My reality is that I am a failure That I am never good enough my grade are not high enough my brain is not adequate for this world
My athletic ability is not good enough I lift I run I jog I practice over and over and yet I am still benched and middle of the pack
My abilities in the court room have granted me acces to plentiful rewards yet I am still not good enough for Albany
My friendship is solid I aid you in whatever way I can I am there for you I am always there yet you chose the drug and twin over me
My sister was good enough though she suffered from a similar thought process. And I failed to detect the lies she spewed. And I let my little sister to to **** herself because I was to busy with my life because I couldn't tell she lied. My sister is now scared physically and emotionally and I am yet again a failure. But she will be healthy and smile and laugh again whole hearted my some day
My father and mother to busy to really understand what Is going on. My parents I am aware have more important things to take care of yet my hatred and anger grow exponentially.

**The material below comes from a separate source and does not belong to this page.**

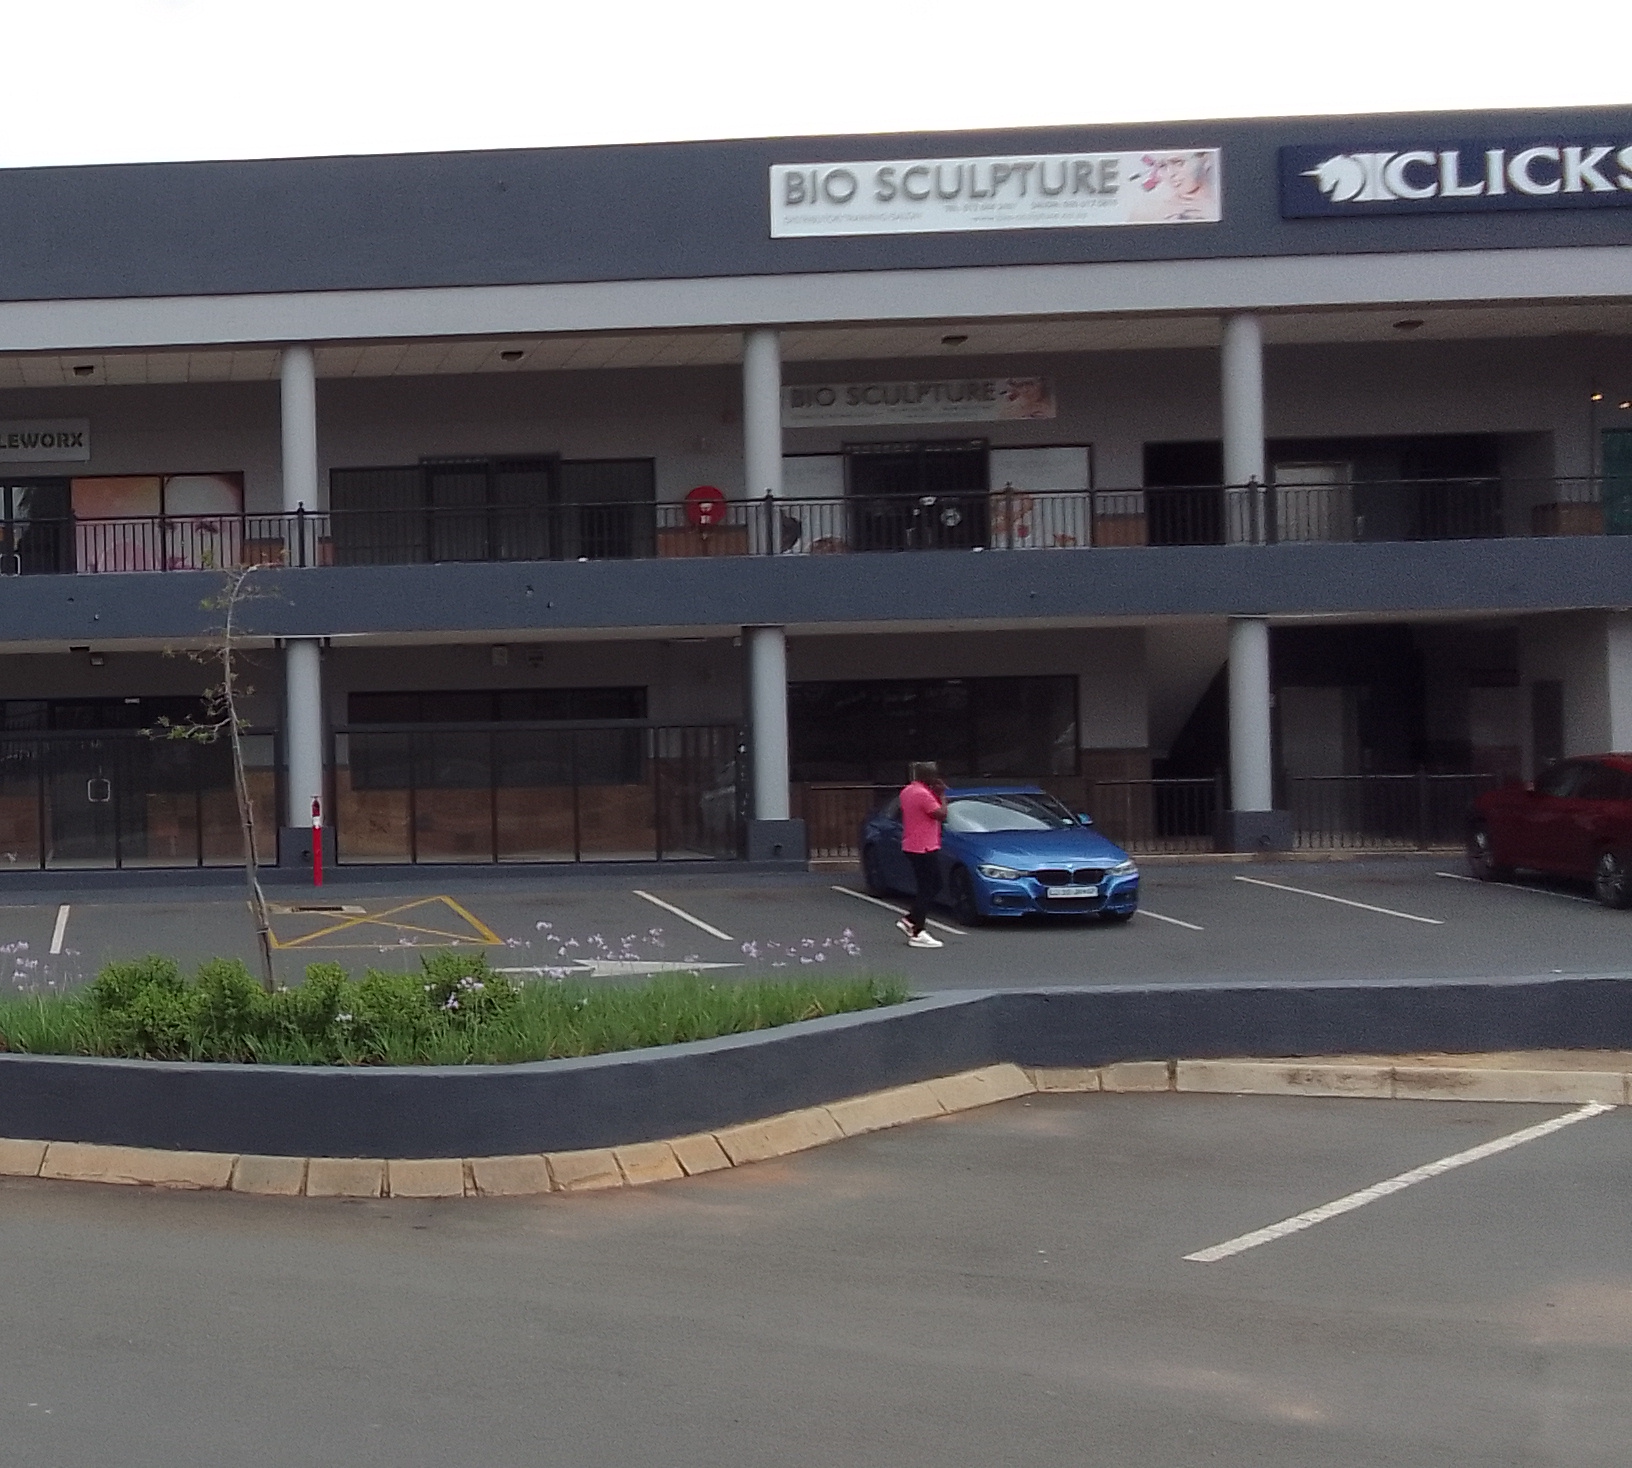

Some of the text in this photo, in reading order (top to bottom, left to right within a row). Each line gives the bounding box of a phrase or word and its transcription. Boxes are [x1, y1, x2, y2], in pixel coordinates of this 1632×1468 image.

[784, 157, 1120, 205] BIO SCULPTURE
[790, 387, 835, 408] BIO

My thesis of apparent disappointment is near it's closing.
My hair the color has changed my body has become more toned my personality ever so bright under the sunshine of the class. But no no no I do not understand how can the sun shine when the horrors of her interpreted reality are a film repaying? Oh boy how shall she shine when the darkness invades again when she cannot avoid facts of todays news report?
She stands and waits and holds a breath and puts a foot infront of the other and slowly walks away from herself.